Nakasone Ruka, Ashina Mariko, Kido Takumi, Miyauchi Harunori, Saito Masafumi, Inoue Shigeaki, Shinohara Masakazu, Nozu Kandai, Fujioka Kazumichi
Department of Pediatrics, Kobe University Graduate School of Medicine, Kobe 650-0017, Japan.
Department of Pediatric Surgery, Kobe University Graduate School of Medicine, Kobe 650-0017, Japan.
J Clin Med. 2021 Dec 13;10(24):5823. doi: 10.3390/jcm10245823.

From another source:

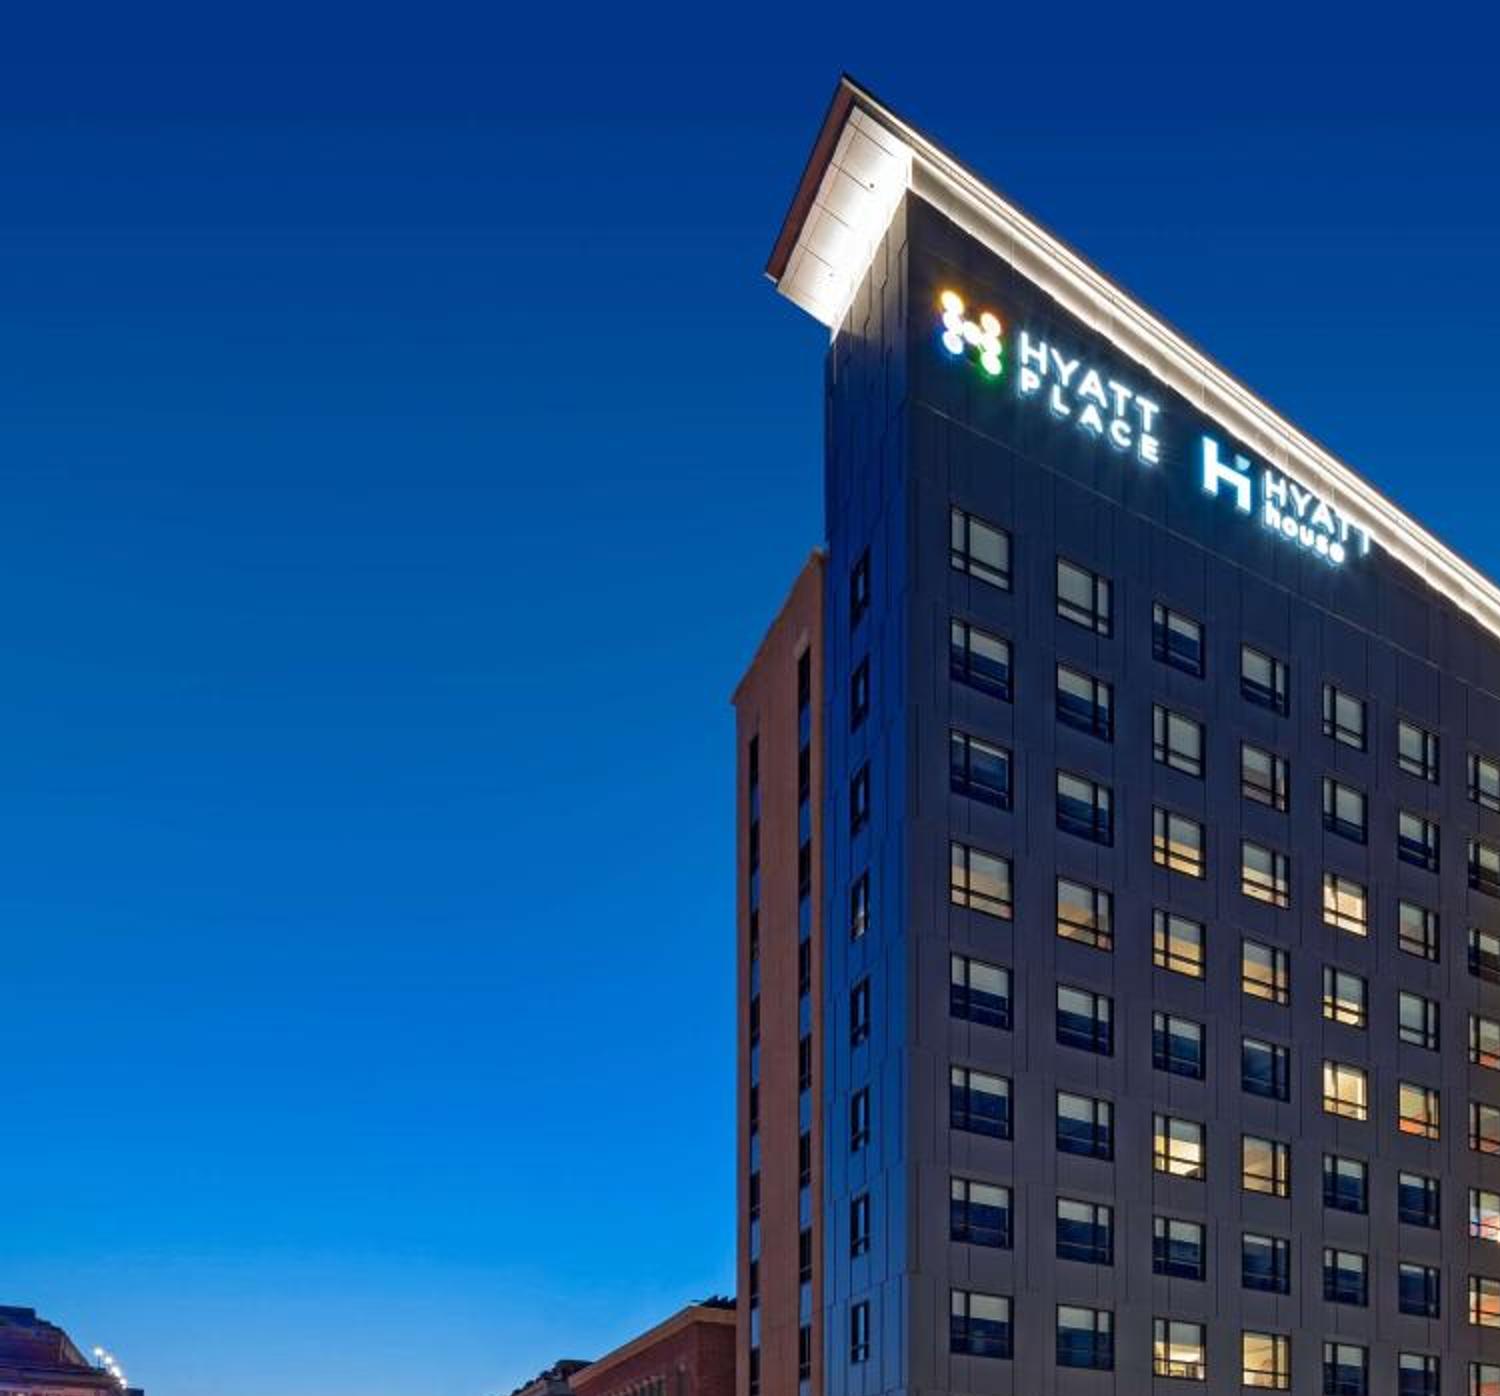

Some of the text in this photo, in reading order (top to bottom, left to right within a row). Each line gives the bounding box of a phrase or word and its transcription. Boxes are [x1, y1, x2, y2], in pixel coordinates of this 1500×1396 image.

Neonatal sepsis is characterized by systemic bacterial invasion followed by a massive inflammatory response. At present, no therapeutic strategy has been found that significantly reduces the mortality of neonatal sepsis. We aimed to investigate the protective role of an initial low-dose septic challenge for the prevention of subsequent lethal sepsis in a mouse model. A stock cecal slurry (CS) solution was prepared from adult ceca. The LD83 (1.5 mg CS/g) was used for all animals. An initial challenge of normal saline (NS) or 0.5 mg CS/g (non-lethal dose) was administered at four days of age, then 1.5 mg CS/g was administered intraperitoneally at seven days of age (72 h post-initial challenge), and survival was monitored. Initial exposure to NS ( = 10) resulted in 90% mortality following exposure to the LD83 CS dose in contrast to an initial exposure to CS ( = 16), which significantly decreased mortality to 6% ( 0.0001), reduced blood bacterial counts, attenuated inflammatory responses, and suppressed lipid mediators. Initial exposure to a non-lethal CS dose prior to exposure to a lethal CS dose significantly reduces sepsis mortality, a protective effect that might be mediated by modulating abnormal systemic inflammatory responses.
新生儿败血症的特征是全身性细菌入侵,随后是大规模炎症反应。目前,尚未找到能显著降低新生儿败血症死亡率的治疗策略。我们旨在研究在小鼠模型中,初次低剂量脓毒症激发对预防随后致命性败血症的保护作用。用成年盲肠制备储备盲肠灌洗液(CS)溶液。所有动物均使用LD83(1.5毫克CS/克)。在4日龄时给予初次生理盐水(NS)或0.5毫克CS/克(非致死剂量)激发,然后在7日龄(初次激发后72小时)腹腔注射1.5毫克CS/克,并监测存活率。初次暴露于NS(n = 10)的小鼠在暴露于LD83 CS剂量后死亡率为90%,而初次暴露于CS(n = 16)的小鼠死亡率显著降至6%(P < 0.0001),血液细菌计数减少,炎症反应减弱,脂质介质受到抑制。在暴露于致死性CS剂量之前,初次暴露于非致死性CS剂量可显著降低败血症死亡率,这种保护作用可能是通过调节异常的全身炎症反应介导的。